▶ **What to do**: Reproduce the listing in full. Keep every character unchanged.
Start of Records supplied
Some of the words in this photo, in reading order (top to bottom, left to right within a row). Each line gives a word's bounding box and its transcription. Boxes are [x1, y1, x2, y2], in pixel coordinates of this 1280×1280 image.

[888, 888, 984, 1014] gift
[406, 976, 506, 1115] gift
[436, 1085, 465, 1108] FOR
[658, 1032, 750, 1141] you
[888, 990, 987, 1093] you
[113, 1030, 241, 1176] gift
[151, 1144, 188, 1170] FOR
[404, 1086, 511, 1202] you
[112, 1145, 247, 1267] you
End of Records supplied
▶ **Solution**:
Some of the words in this photo, in reading order (top to bottom, left to right within a row). Each line gives a word's bounding box and its transcription. Boxes are [x1, y1, x2, y2], in pixel coordinates of this 1280×1280 image.

[888, 888, 984, 1014] gift
[406, 976, 506, 1115] gift
[436, 1085, 465, 1108] FOR
[658, 1032, 750, 1141] you
[888, 990, 987, 1093] you
[113, 1030, 241, 1176] gift
[151, 1144, 188, 1170] FOR
[404, 1086, 511, 1202] you
[112, 1145, 247, 1267] you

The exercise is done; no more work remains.